[Annotated photo localization data]
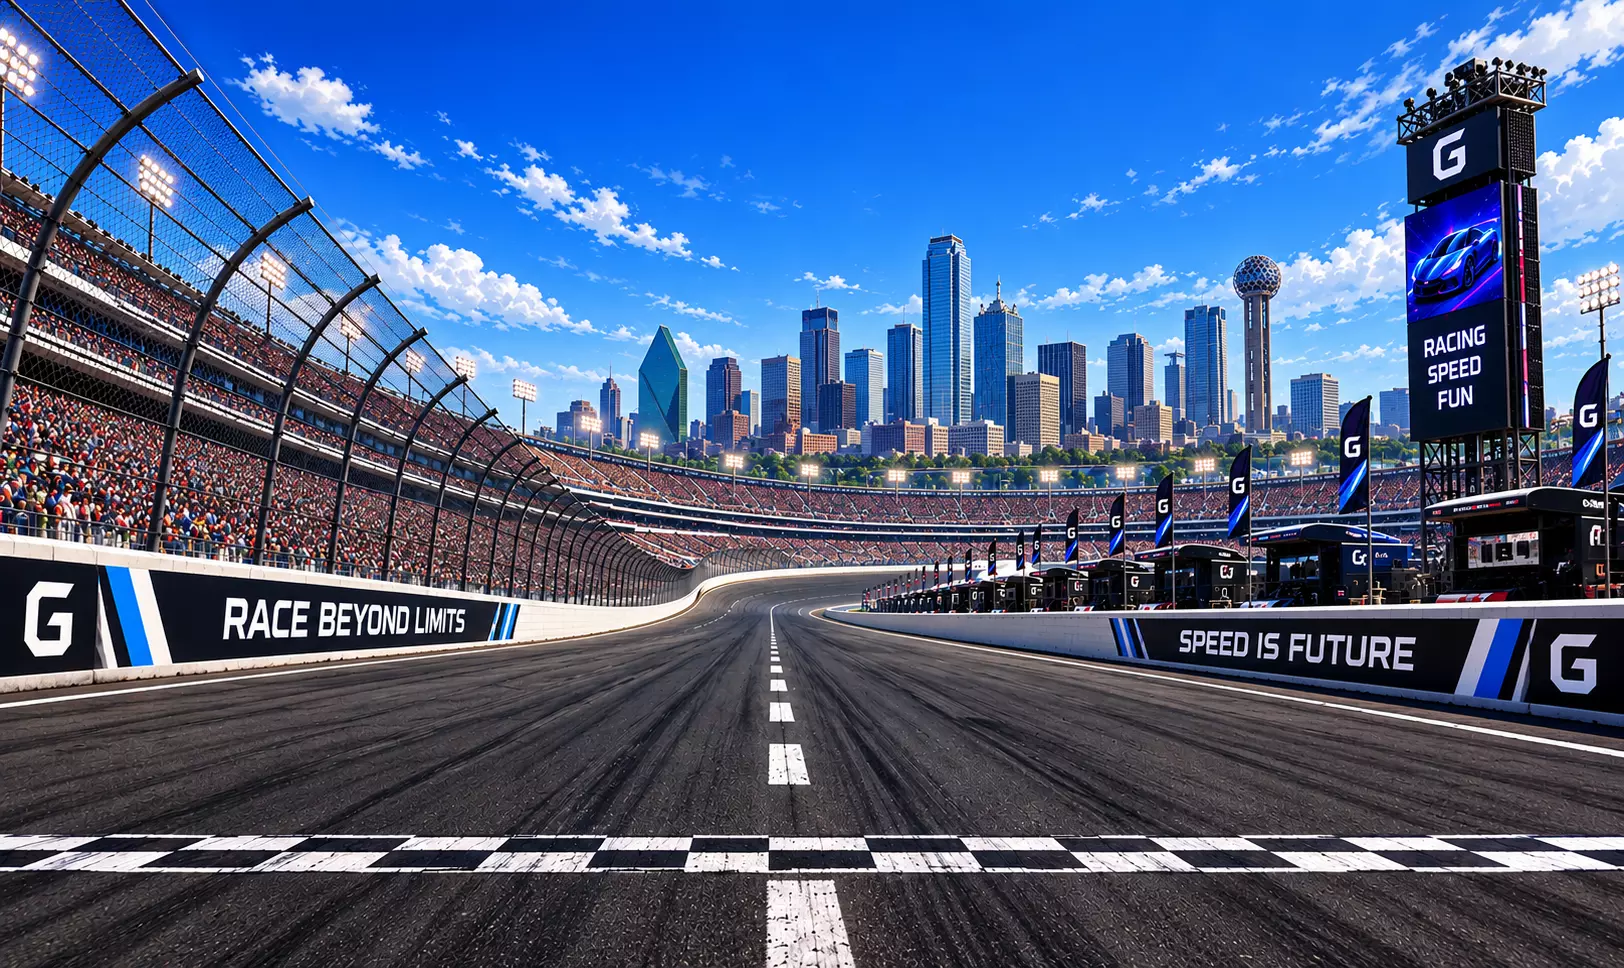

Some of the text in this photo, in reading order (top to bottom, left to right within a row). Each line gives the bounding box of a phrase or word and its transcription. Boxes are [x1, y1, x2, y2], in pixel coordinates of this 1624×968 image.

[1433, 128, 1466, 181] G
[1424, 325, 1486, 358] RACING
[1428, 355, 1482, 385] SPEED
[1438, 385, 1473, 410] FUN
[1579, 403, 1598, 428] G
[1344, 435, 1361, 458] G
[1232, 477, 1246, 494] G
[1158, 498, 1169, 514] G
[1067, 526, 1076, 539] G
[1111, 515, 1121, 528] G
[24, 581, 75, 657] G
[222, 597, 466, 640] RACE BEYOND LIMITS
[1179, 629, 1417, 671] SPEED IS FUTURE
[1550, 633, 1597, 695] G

● Problem to solve:
Retype every entry above exactly and, please, skip the pictures.

● Answer:
Some of the text in this photo, in reading order (top to bottom, left to right within a row). Each line gives the bounding box of a phrase or word and its transcription. Boxes are [x1, y1, x2, y2], in pixel coordinates of this 1624×968 image.

[1433, 128, 1466, 181] G
[1424, 325, 1486, 358] RACING
[1428, 355, 1482, 385] SPEED
[1438, 385, 1473, 410] FUN
[1579, 403, 1598, 428] G
[1344, 435, 1361, 458] G
[1232, 477, 1246, 494] G
[1158, 498, 1169, 514] G
[1067, 526, 1076, 539] G
[1111, 515, 1121, 528] G
[24, 581, 75, 657] G
[222, 597, 466, 640] RACE BEYOND LIMITS
[1179, 629, 1417, 671] SPEED IS FUTURE
[1550, 633, 1597, 695] G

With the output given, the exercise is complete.